A bit of background. I’m celebrating my 5th anniversary as a stay-at-home mom.Before that, I spent five years working a series of stressful full-time jobs before enduring a tiring commute and a night comforting 2 kids who would not sleep. I was in a constant daze of fatigue.
So when I decided to stop the madness, I was really excited to get involved with my kids’ schools and some non-profits in our town. I immediately signed up to be class mom for both kids, a Sunday school teacher and the public relations chair for a local non-profit. This is going to be super-fulfilling! I thought. I won’t have to deal with the bullshit of working for a company, and I’ll have a warm fuzzy feeling from helping out with something really important.
I didn’t realize that I was trading one chaotic life for another. And in this one, I did not get paid. Or have an assistant. Volunteering is super hard!Did I mention that you don’t get paid?
And guess what else? There are no gold stars. Volunteers are largely unappreciated. I should have remembered that. About 20 years ago, I volunteered to do the supermarket shopping for an elderly shut-in. She was very difficult. She would actually demand straight bananas. Have you ever located a straight banana? Me neither.

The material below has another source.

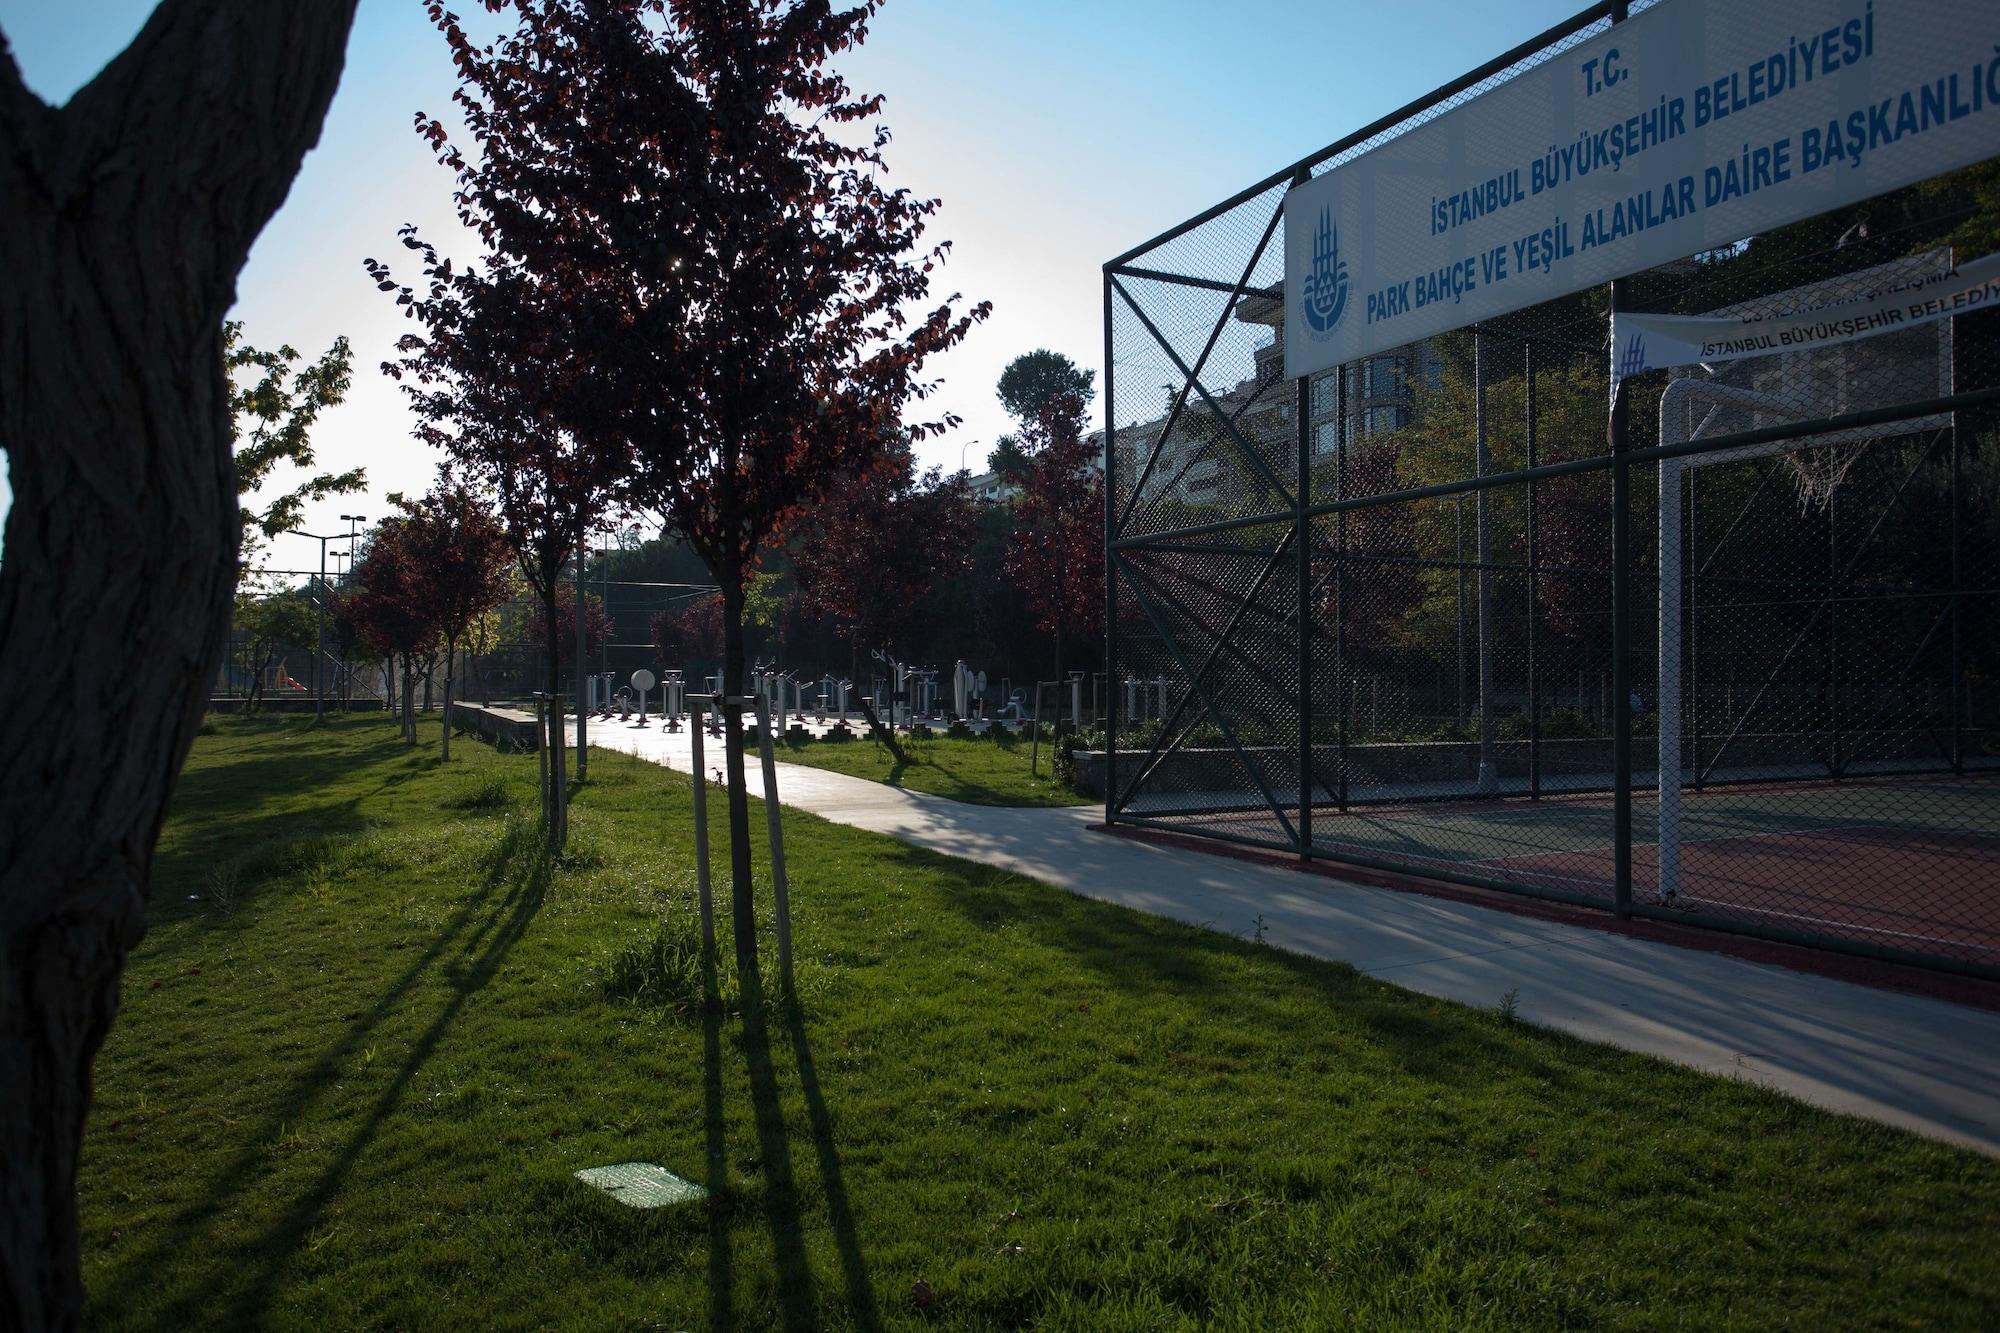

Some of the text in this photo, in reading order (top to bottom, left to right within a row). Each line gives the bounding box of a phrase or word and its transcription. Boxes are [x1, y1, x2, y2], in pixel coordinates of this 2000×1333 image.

I’ve watched people yell at hard-working volunteers. And I’ve been yelled at myself. Girlfriend, if you are going to yell at me, I’m going to need some monetary compensation.I’ve seen volunteers cry. All of the range of human conflict that exists in the corporate world plays out in the volunteer world.What I am trying to say is that there is no escaping the bullshit.
Also, it turns out that being a class mom is a lot about fundraising. Note: This is a poor assignment for me. I’m very bad at making money. Money, in fact, runs as soon as it senses my presence. I have the carcasses of four folded magazines to prove it. If I show the slightest interest in a TV show or a restaurant, it gets canceled or goes out of business. Come to think of it, I’m a little worried about xojane.com, now that I’m writing for it. (But don’t tell Jane.)
Still, I persisted in my volunteer career. I respond well to guilt, and if someone needs help, it’s hard for me to say no. One year, I was on three boards: at my daughter’s nursery school and two non-profits. I was logging maybe 20 volunteer hours per week. This is hardly a heavy load compared to super-volunteers, like PTA and Junior League presidents, but I am no super-volunteer.
I don’t regret volunteering. It got me out of the house, led to interaction with smart adults, and helped me make nice friends I never would have met otherwise. But about a year ago, I realized that I missed writing. I decided to cut back on the volunteering and try to restart my career. I still volunteer, but I figured out that I like the hands-on stuff. So I help out in the classroom and the school library, lead a Brownie troop and occasionally serve at the soup kitchen.But I’ve got it under control. I can stop any time.